We had a shop
The shop was an accident. The original plan was to find a reasonably accessible venue for the Library–somewhere designers would want to come and hang out and get inspired–so naturally, we were drawn by the temptation of ground floor storefront premises. When we found the building in Great Sutton Street, which the landlord wouldn't split, we took it and expanded our ambitions to match.
The initial brief was to find things we could sell that somehow matched our objective of telling a more modern story about printing. A store is the very best way to get across an idea–it can be both simple and complex at the same time and the environment and the proucts can really immerse people in a point-of-view.

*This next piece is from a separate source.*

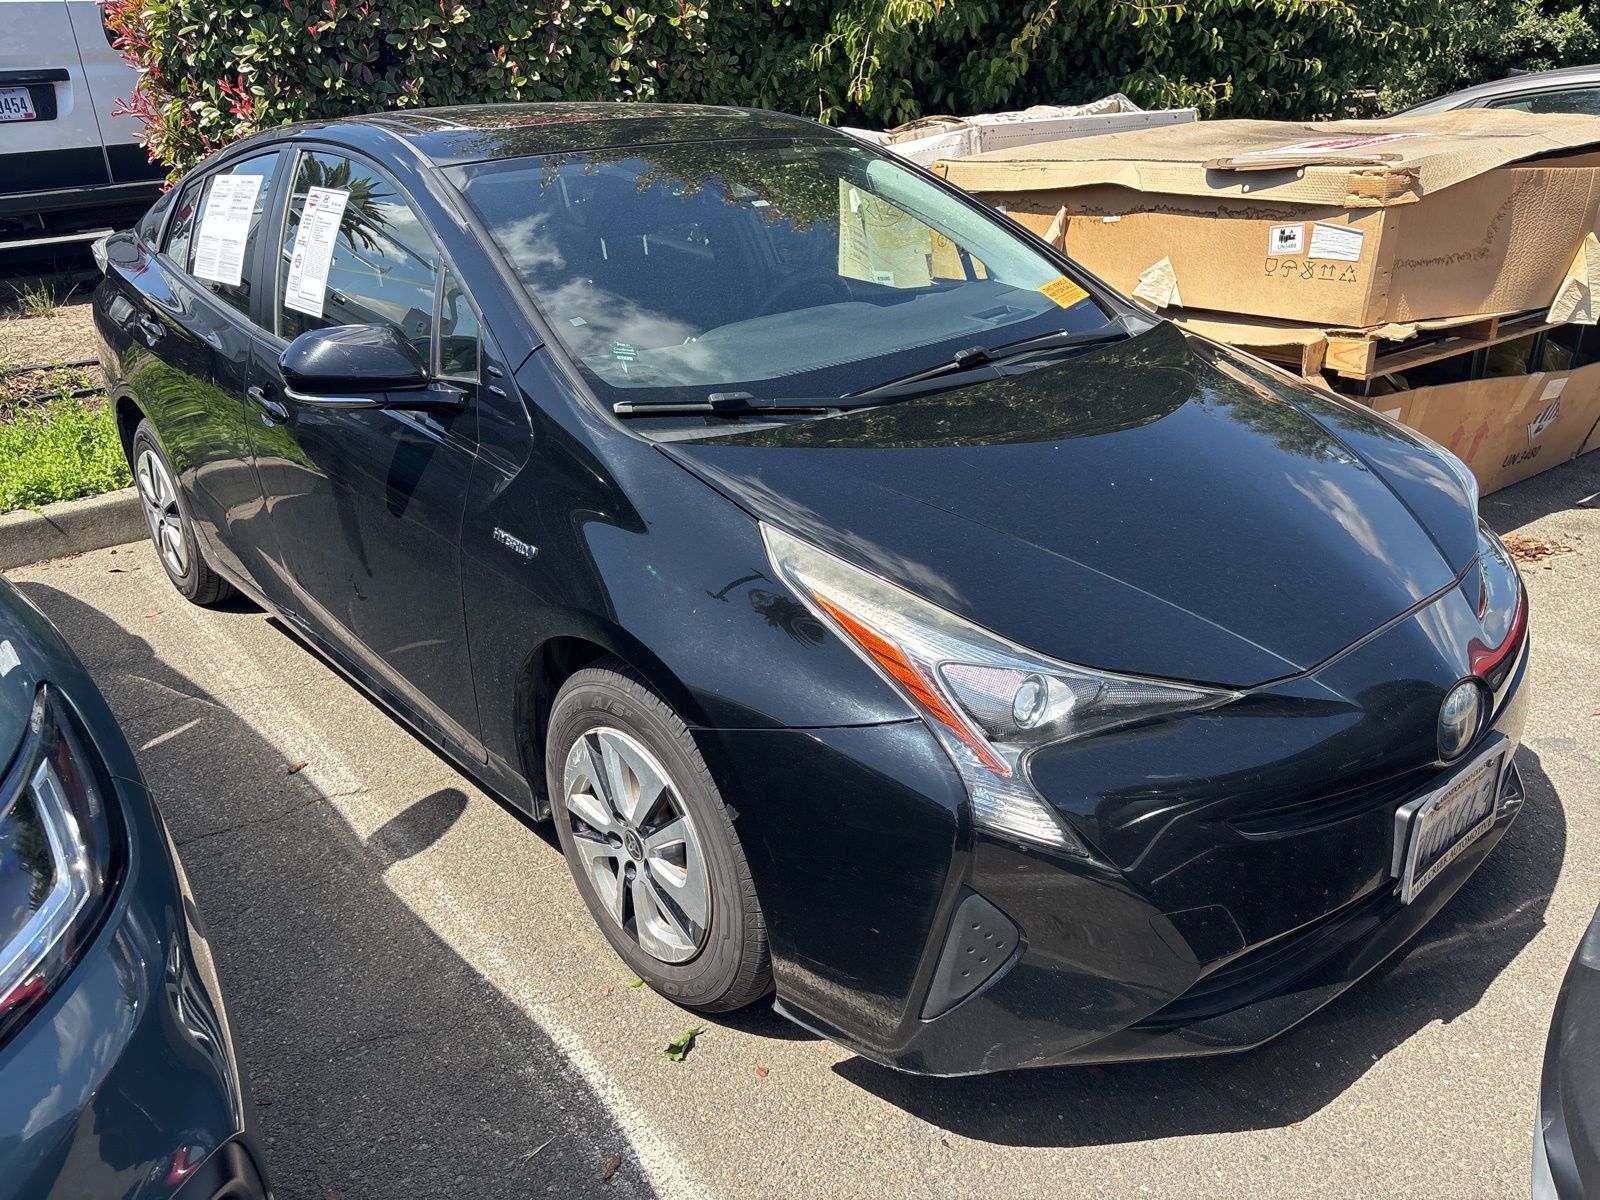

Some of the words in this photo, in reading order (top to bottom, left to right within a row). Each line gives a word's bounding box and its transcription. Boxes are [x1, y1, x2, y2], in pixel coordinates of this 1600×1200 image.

The store was barren at first–there wasn't much we could buy–but it slowly expanded as more and more designers and producers started to make the things we wanted to sell. Our idea was to promote the creative merit of real things in the burgeoning digital world (though I thought it was going to burgeon a whole lot faster than it did, but hey). As well as being one of the first concept stores in London, we inadvertantly introduced a number of global trends to London–graffitti / urban art, Japanese collectable figures and a general fascination with ephemeral cultural artifacts that commonplace in every big city in the world.
It was hard work though. Only the most determined shopper made the trek out to Clerkenwell. As the market blossomed, with more and more products becoming available, we struggled to keep and the general lack of funds meant we weren't able to buy the stuff we'd like to have done–underlined when we moved into Selfridges and were the busiest department with the lowest item value.
It was clear we weren't seasoned retailers and although we'd made the difficult bit–moving the brand from a trade printer to cutting-edge retailer–effortless, we weren't resourced or poised to reap what we sewed and later on, others like Magma, Playlounge, Pictures-on-walls and Steve Lazarides soon came into the space we'd opened up. Personally, I lost a huge amount of money and the experience left me burned emotionally and financially, although I realise that it was really only a lack of confidence in the concept and its lasting value wasn't clear to see in 2003 when it closed.